### [Task description]
Every line of the listing below must be printed again exactly, apart from its pictures.

### [Available data]
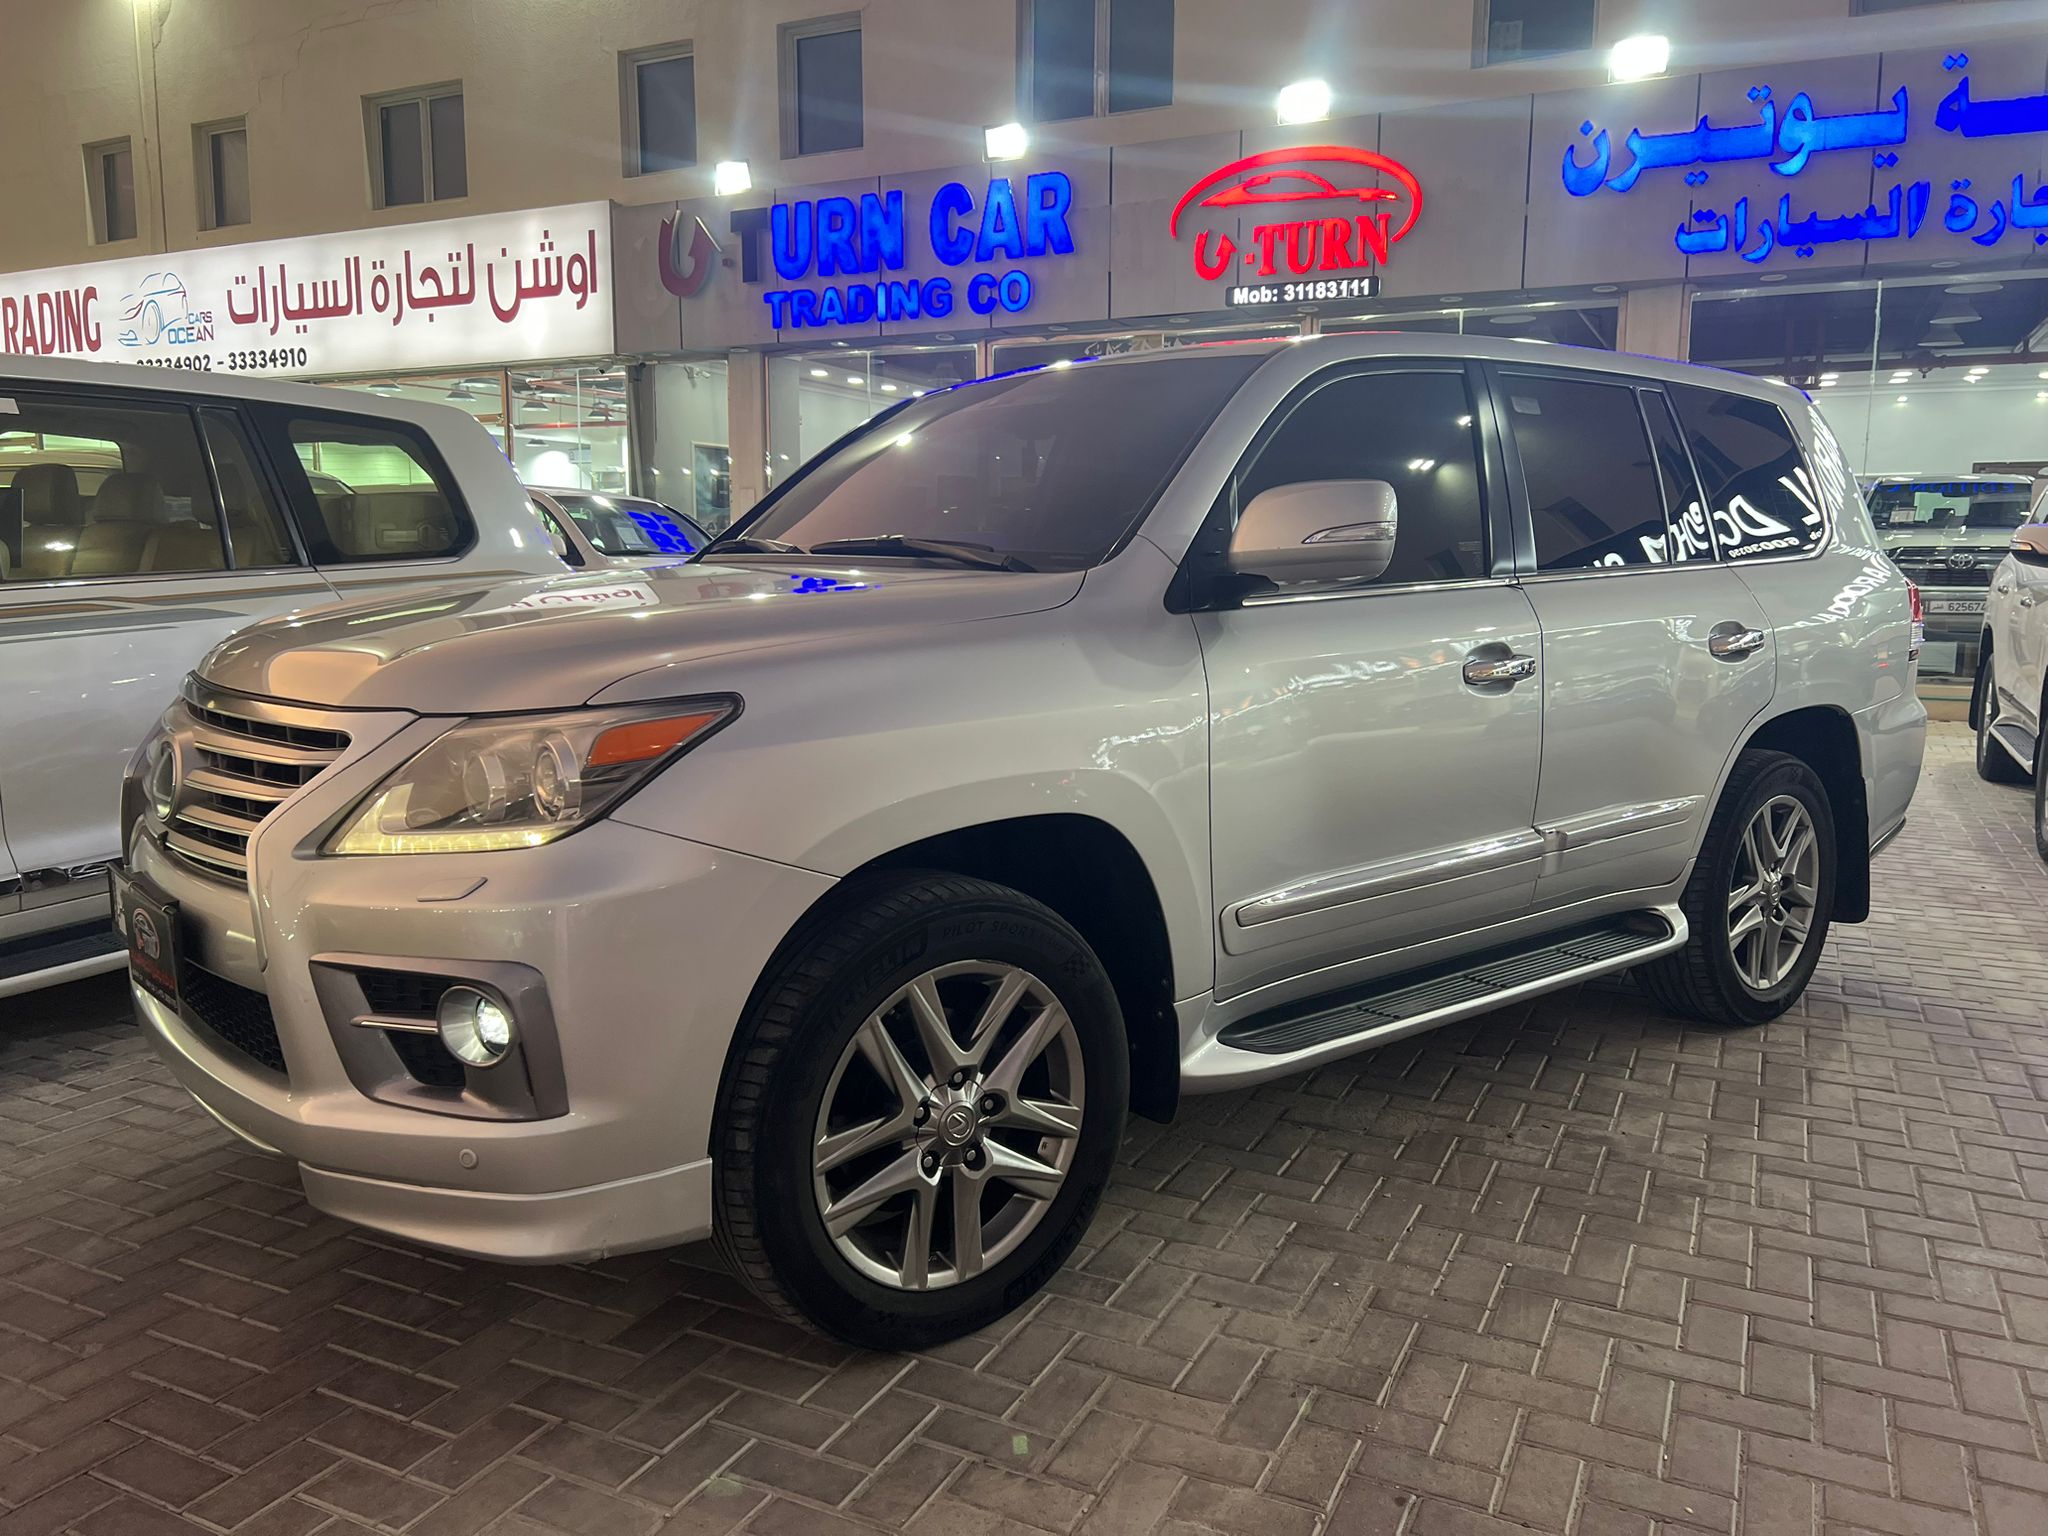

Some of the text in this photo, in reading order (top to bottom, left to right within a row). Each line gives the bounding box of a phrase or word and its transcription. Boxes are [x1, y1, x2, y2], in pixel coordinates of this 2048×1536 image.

[929, 171, 1075, 267] CAR
[1674, 180, 1931, 265] السيارات
[226, 229, 598, 336] اوشن لتجارة السيارات
[763, 269, 1032, 330] TRADING CO
[1283, 278, 1370, 302] 31183111
[167, 325, 215, 345] OCEAN
[187, 311, 214, 324] CARS
[228, 347, 308, 371] 33334910
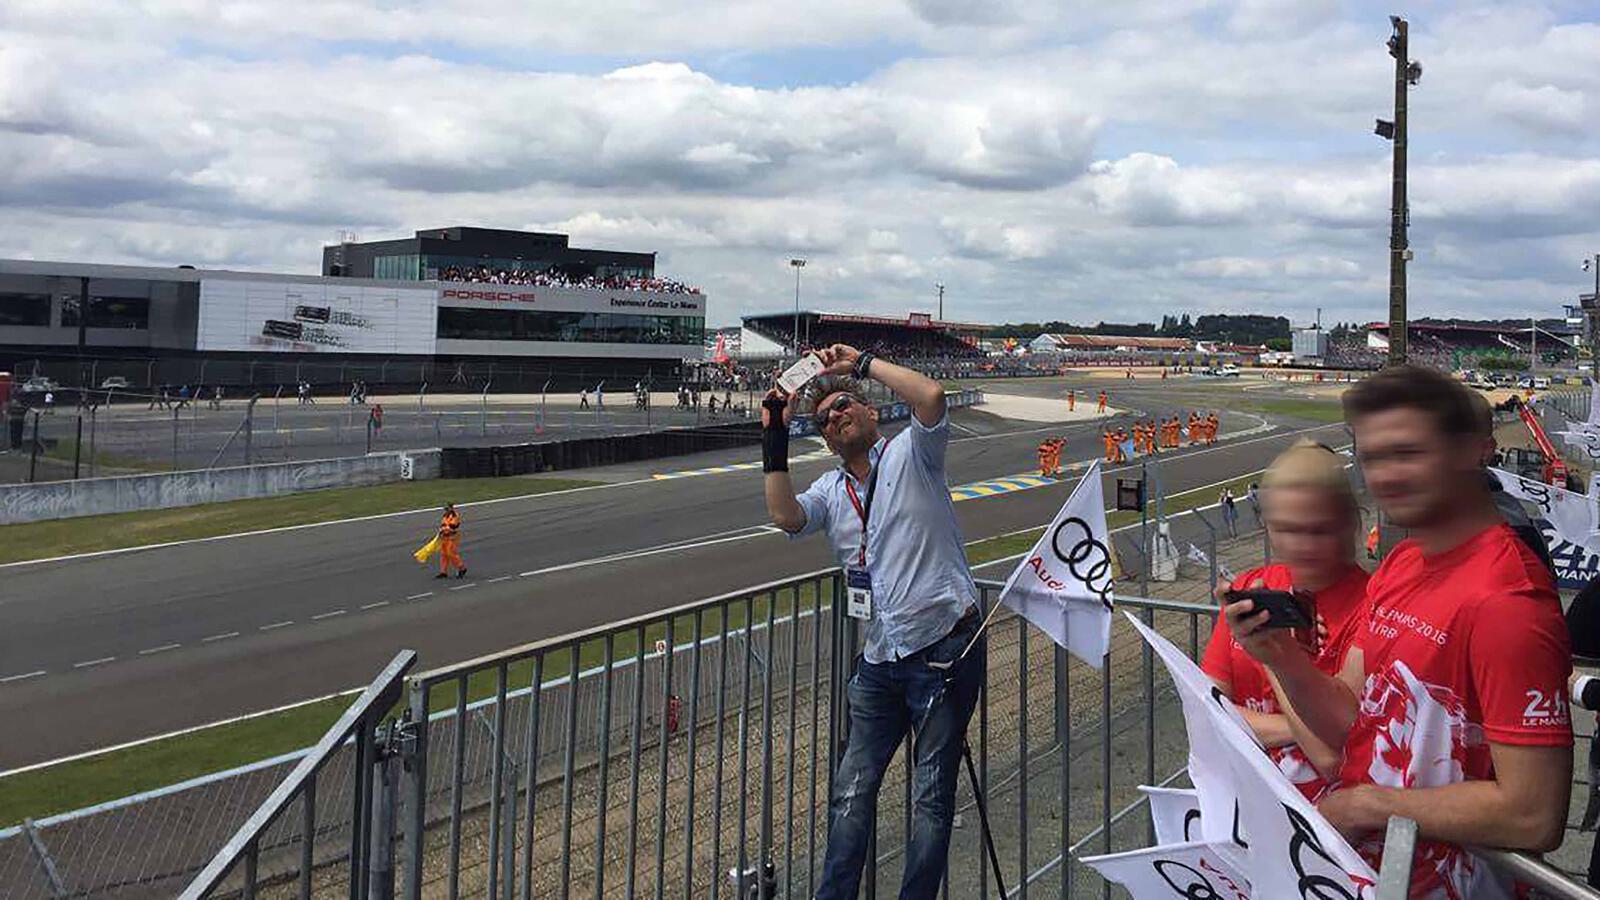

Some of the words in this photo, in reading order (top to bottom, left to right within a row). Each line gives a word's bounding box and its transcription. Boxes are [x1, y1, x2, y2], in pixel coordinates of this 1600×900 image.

[443, 290, 535, 302] PORSCHE
[1029, 556, 1066, 590] Audi
[1555, 567, 1599, 581] MAN
[1415, 621, 1448, 645] 2016
[1522, 717, 1538, 727] LE
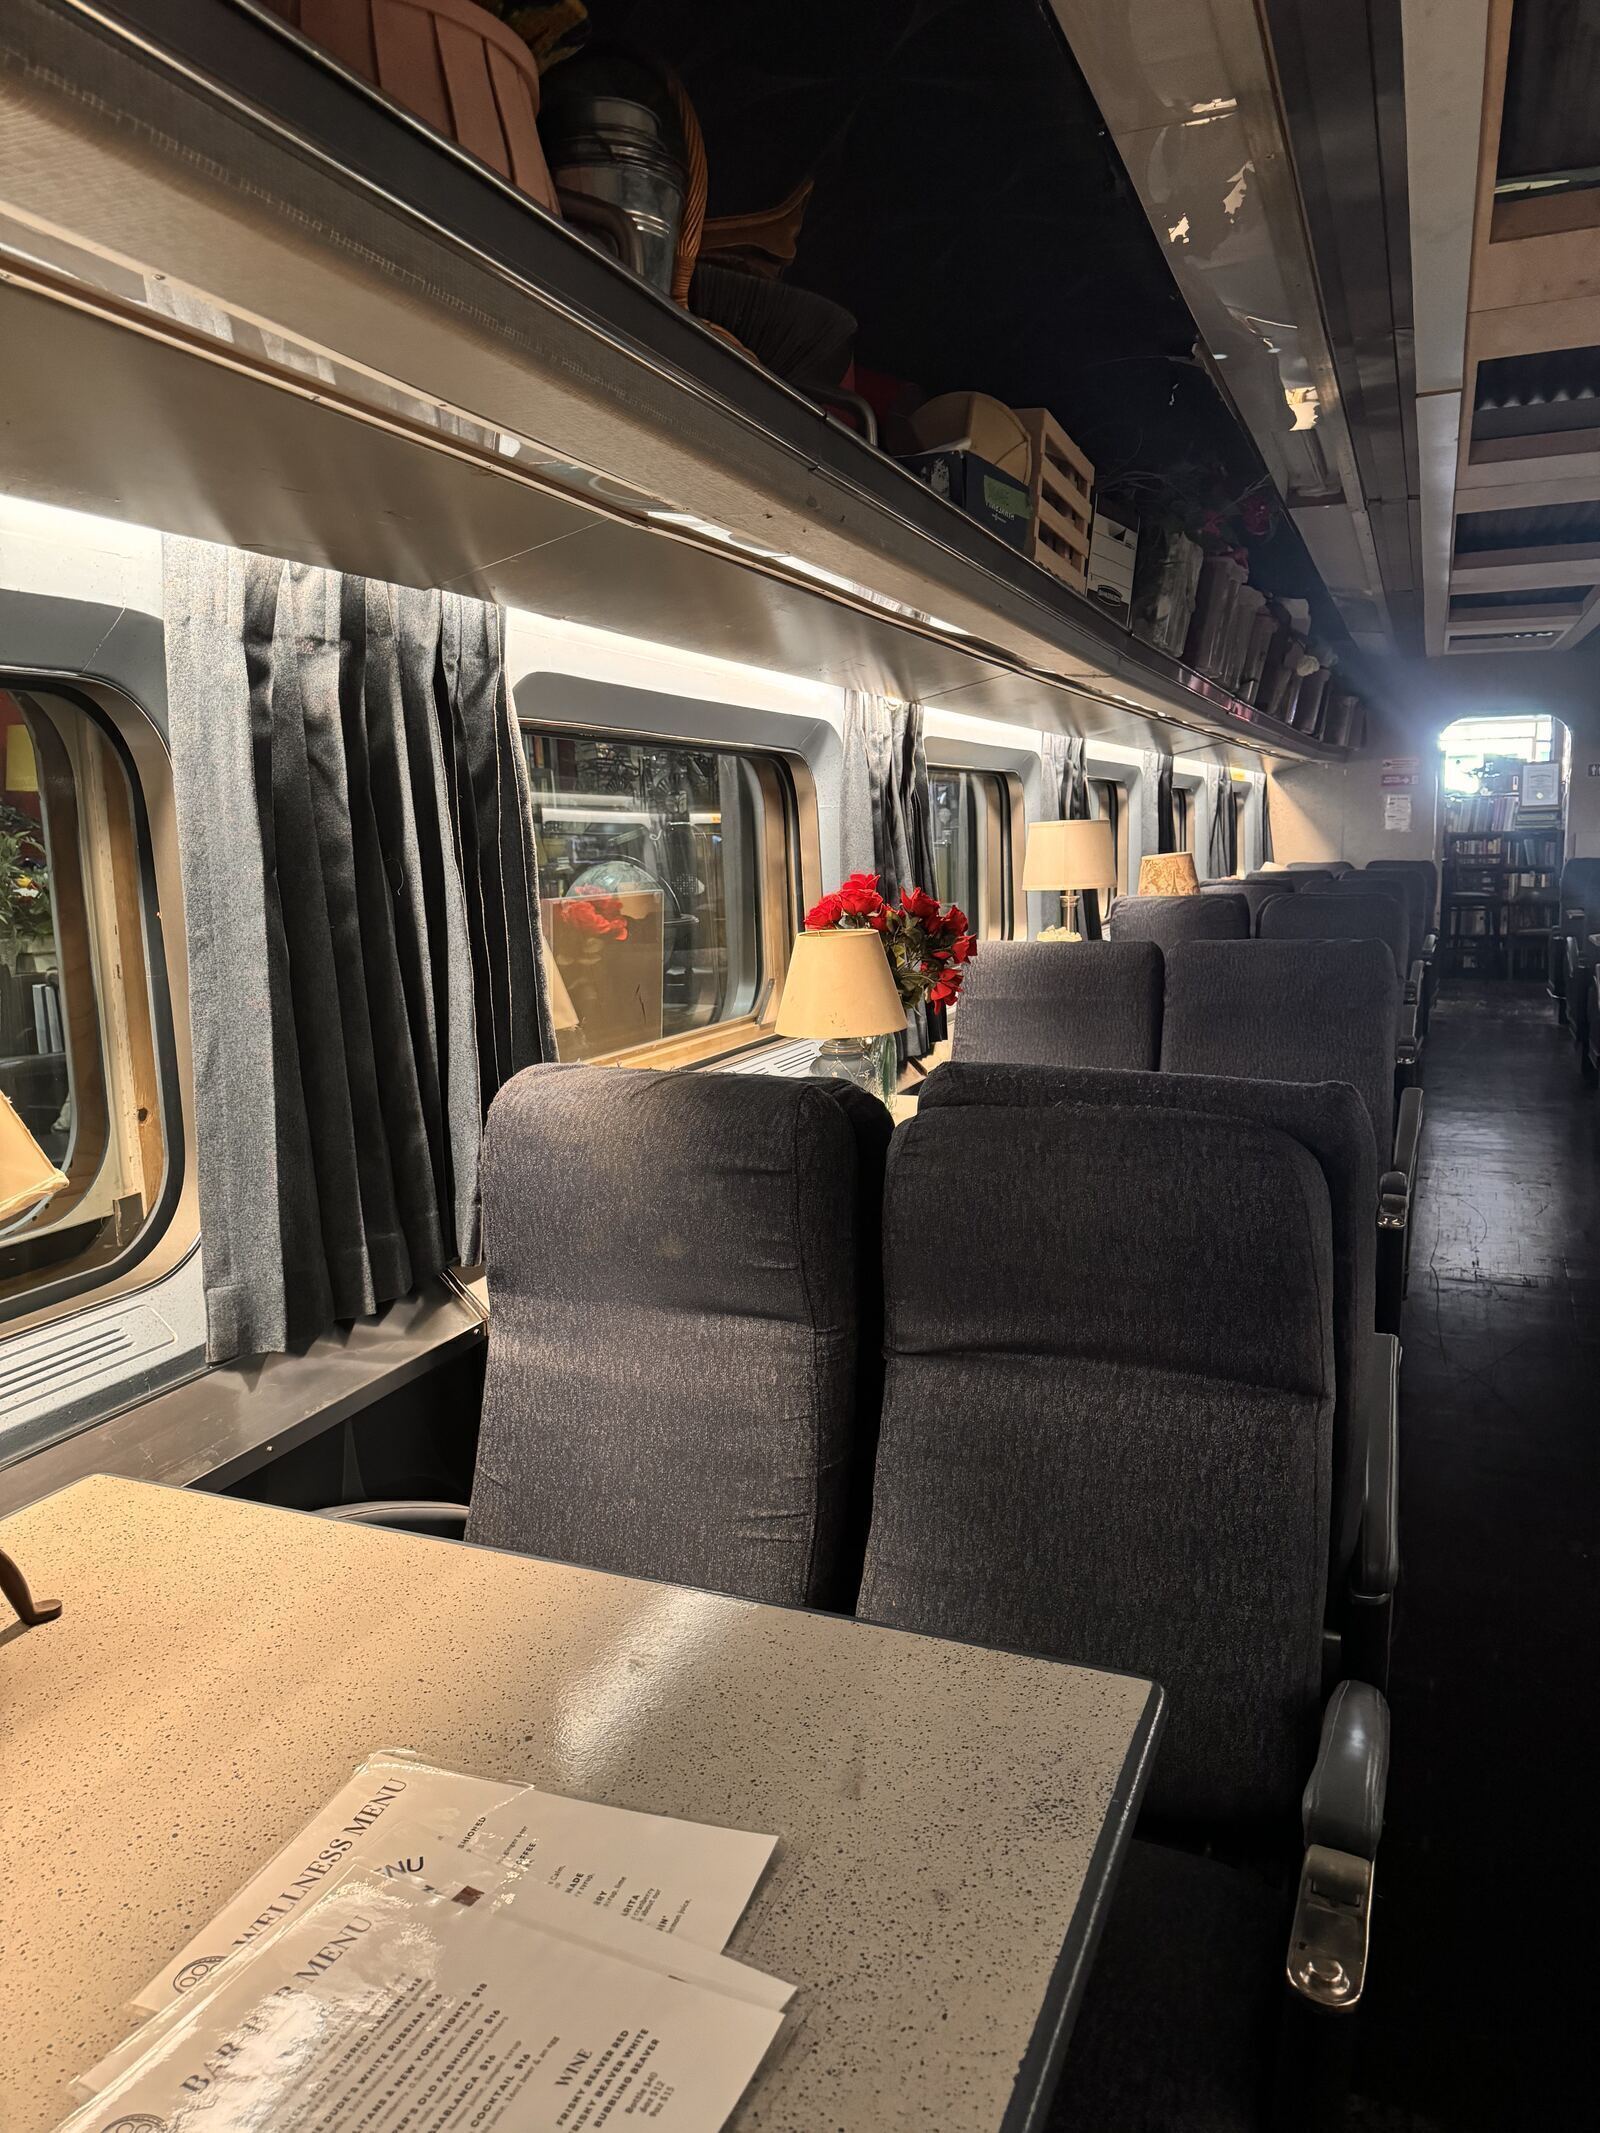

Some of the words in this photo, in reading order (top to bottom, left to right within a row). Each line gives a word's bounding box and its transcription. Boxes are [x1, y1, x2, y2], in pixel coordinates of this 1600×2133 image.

[233, 1837, 353, 1946] WELLNESS
[343, 1777, 406, 1837] MENU
[374, 1855, 424, 1879] NU
[179, 2039, 243, 2094] BAR
[294, 1915, 372, 1982] MENU
[393, 2063, 416, 2087] NEW
[413, 2036, 440, 2062] YORK
[438, 2000, 471, 2034] NIGHTS
[322, 2086, 359, 2123] DUDE'S
[356, 2051, 389, 2084] WHITE
[387, 2010, 426, 2051] RUSSIAN
[424, 1992, 443, 2008] $16
[329, 2034, 369, 2075] STIRRED
[417, 2083, 438, 2105] OLD
[435, 2027, 484, 2082] FASHIONED
[483, 2008, 500, 2024] $16
[469, 2073, 514, 2127] COCKTAIL
[513, 2052, 531, 2069] $16
[478, 2054, 496, 2070] $16
[553, 2047, 592, 2084] WINE
[555, 2087, 586, 2125] FRISKY
[583, 2048, 615, 2085] BEAVER
[611, 2029, 629, 2047] RED
[593, 2074, 633, 2127] BUBBLING
[629, 2037, 660, 2074] BEAVER
[595, 2059, 626, 2096] BEAVER
[623, 2028, 649, 2057] WHITE
[624, 2087, 647, 2112] Bottle

### [Result of this exercise]
Some of the text in this photo, in reading order (top to bottom, left to right within a row). Each line gives the bounding box of a phrase or word and its transcription. Boxes are [x1, y1, x2, y2], in pixel coordinates of this 2048×1536 image.

[929, 171, 1075, 267] CAR
[1674, 180, 1931, 265] السيارات
[226, 229, 598, 336] اوشن لتجارة السيارات
[763, 269, 1032, 330] TRADING CO
[1283, 278, 1370, 302] 31183111
[167, 325, 215, 345] OCEAN
[187, 311, 214, 324] CARS
[228, 347, 308, 371] 33334910

Some of the words in this photo, in reading order (top to bottom, left to right within a row). Each line gives a word's bounding box and its transcription. Boxes are [x1, y1, x2, y2], in pixel coordinates of this 1600×900 image.

[443, 290, 535, 302] PORSCHE
[1029, 556, 1066, 590] Audi
[1555, 567, 1599, 581] MAN
[1415, 621, 1448, 645] 2016
[1522, 717, 1538, 727] LE

Some of the words in this photo, in reading order (top to bottom, left to right within a row). Each line gives a word's bounding box and its transcription. Boxes are [x1, y1, x2, y2], in pixel coordinates of this 1600×2133 image.

[233, 1837, 353, 1946] WELLNESS
[343, 1777, 406, 1837] MENU
[374, 1855, 424, 1879] NU
[179, 2039, 243, 2094] BAR
[294, 1915, 372, 1982] MENU
[393, 2063, 416, 2087] NEW
[413, 2036, 440, 2062] YORK
[438, 2000, 471, 2034] NIGHTS
[322, 2086, 359, 2123] DUDE'S
[356, 2051, 389, 2084] WHITE
[387, 2010, 426, 2051] RUSSIAN
[424, 1992, 443, 2008] $16
[329, 2034, 369, 2075] STIRRED
[417, 2083, 438, 2105] OLD
[435, 2027, 484, 2082] FASHIONED
[483, 2008, 500, 2024] $16
[469, 2073, 514, 2127] COCKTAIL
[513, 2052, 531, 2069] $16
[478, 2054, 496, 2070] $16
[553, 2047, 592, 2084] WINE
[555, 2087, 586, 2125] FRISKY
[583, 2048, 615, 2085] BEAVER
[611, 2029, 629, 2047] RED
[593, 2074, 633, 2127] BUBBLING
[629, 2037, 660, 2074] BEAVER
[595, 2059, 626, 2096] BEAVER
[623, 2028, 649, 2057] WHITE
[624, 2087, 647, 2112] Bottle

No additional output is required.